Not only do people need help, but every day, a security worker takes cat food from an old lady to feed three strays she has been taking care of for years. She throws down food in a plastic bag from her sixth-floor balcony – because “cats don’t eat stale leftovers” – and calls the cats by their names as the security worker pours the food into their bowl. She lives alone. There are huge bags of cat food piled outside her tiny apartment.
Emergencies arise from time to time. An old man had an infection in his toe. From a photo sent by his neighbor, two doctors in our community, after looking at the photo, said he needed to go to a hospital. There was no guarantee that we could secure the tests, approvals and special vehicle on time, and the man began to despairingly talk about “losing a toe.” Eventually, everything turned out OK and all his toes are still intact.
On another day, an old man didn’t show up for mass testing. Neighbors could hear someone moving in his apartment, but no one answered the door. Fearing that the man might have fallen and didn't have a cellphone to ask for help, we tried to look into his window from another building but didn’t see anyone inside. Eventually, someone found an old landline number. The man said he was old and unvaccinated and was too afraid to come out or even open the door. We left groceries and supplies on his doorstep.
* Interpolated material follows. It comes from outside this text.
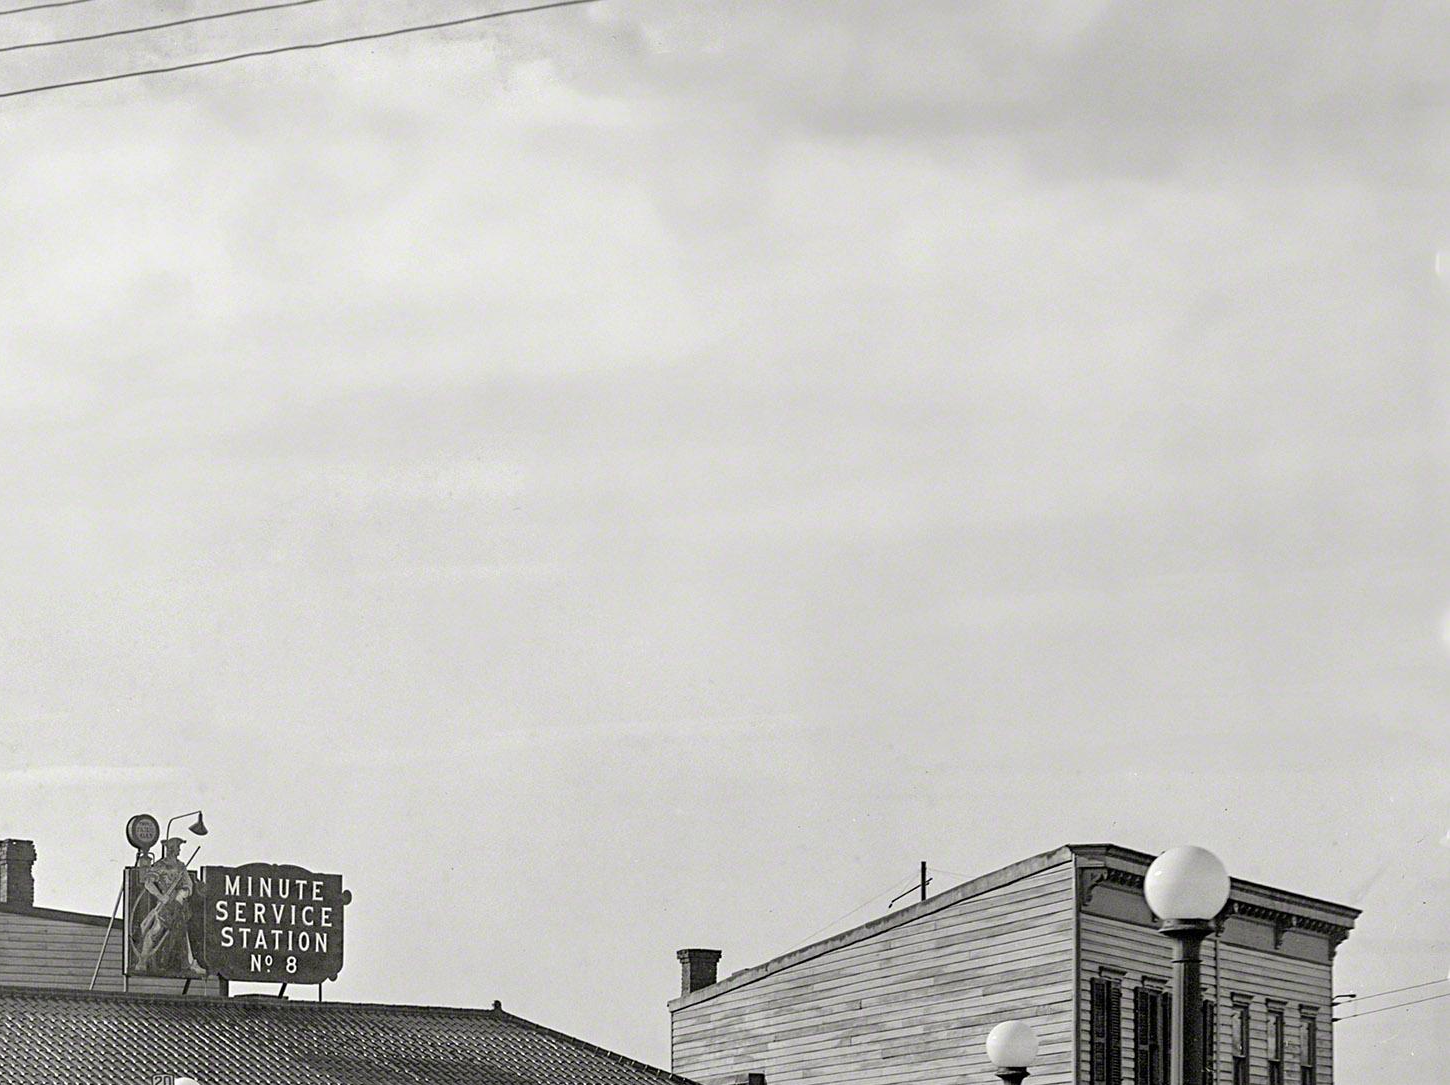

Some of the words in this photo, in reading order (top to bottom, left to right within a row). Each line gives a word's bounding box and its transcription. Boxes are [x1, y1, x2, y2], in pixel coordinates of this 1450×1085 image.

[225, 875, 324, 901] MINUTE
[216, 901, 332, 927] SERVICE
[221, 927, 327, 953] STATION
[286, 956, 297, 973] 8
There seems to be a firefight every other day, and it’s not just for old people. We bought milk, bread and dog food for a Japanese man, who speaks no Chinese and has no idea how to participate in group buying. A pregnant woman was close to her due date, now back home with her newborn.
One day shortly after the lockdown began, a reporter friend from Dujiangyan of southwest Sichuan Province texted me that her city had just sent 120 tons of vegetables to Shanghai. “Shanghai helped us a lot in rebuilding Dujiangyan after the earthquake in 2008. And I’m happy that Dujiangyan is doing its part in supporting Shanghai,” she said.
She and I first met in 2018, when I went to Sichuan to cover the ten-year memorial of the big earthquake. Many new public spaces and community facilities were funded by Shanghai-based companies, and many doctors, teachers and community workers stayed for extended periods of time to help with the rebuild.
In fact, Shanghai has led the country in aiding underdeveloped areas. This time as a volunteer, I have unpacked and distributed donations from places that received help from Shanghai. This makes me exceedingly proud of my adopted city.
On April 8, after weeks of daily testing with no new cases, three families surprisingly tested positive. This meant another two weeks at home. Around the same time, workers and volunteers nearby contracted Covid. Neighbors were not happy. Many complained about long waits and large crowds at testing and questioned whether such procedures were actually counterproductive. Making matters worse, our PPE was running low. For a few days, we volunteers were reduced to reusing disinfected raincoats.
Some neighbors took note of our battered look and quietly started a crowdfunding page for us, which raised 13,000 yuan overnight. It was a huge boost to morale. Despite all their complaints and criticism, everyone was still with us. I was also able to connect with a nonprofit in Shandong through an aid program started by Jiemian News, which donated 500 pairs of latex gloves.
Taking criticism to heart, we reviewed our testing protocols and reworked our package disinfection procedures. Crucially, we consolidated group-buying channels – instead of buying toilet paper from group A, tampons from group B, and groceries from five other groups, for example, everyone now buys toiletries from one large group and food from another – to avoid chaos at disinfection and delivery.
Two weeks later, we were Covid free for two weeks and the stay-at-home order was finally lifted.